**ACTIVITY:**
Write out the entries below once more, exactly.

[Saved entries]
= = = = = = =

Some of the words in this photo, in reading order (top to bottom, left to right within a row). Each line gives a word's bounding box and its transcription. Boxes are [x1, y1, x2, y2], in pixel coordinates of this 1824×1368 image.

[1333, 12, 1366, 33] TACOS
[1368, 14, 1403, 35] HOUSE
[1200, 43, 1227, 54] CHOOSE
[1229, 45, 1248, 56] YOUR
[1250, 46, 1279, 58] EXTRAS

= = = = = = =

**OUTPUT FOR THIS TASK:**
Some of the words in this photo, in reading order (top to bottom, left to right within a row). Each line gives a word's bounding box and its transcription. Boxes are [x1, y1, x2, y2], in pixel coordinates of this 1824×1368 image.

[1333, 12, 1366, 33] TACOS
[1368, 14, 1403, 35] HOUSE
[1200, 43, 1227, 54] CHOOSE
[1229, 45, 1248, 56] YOUR
[1250, 46, 1279, 58] EXTRAS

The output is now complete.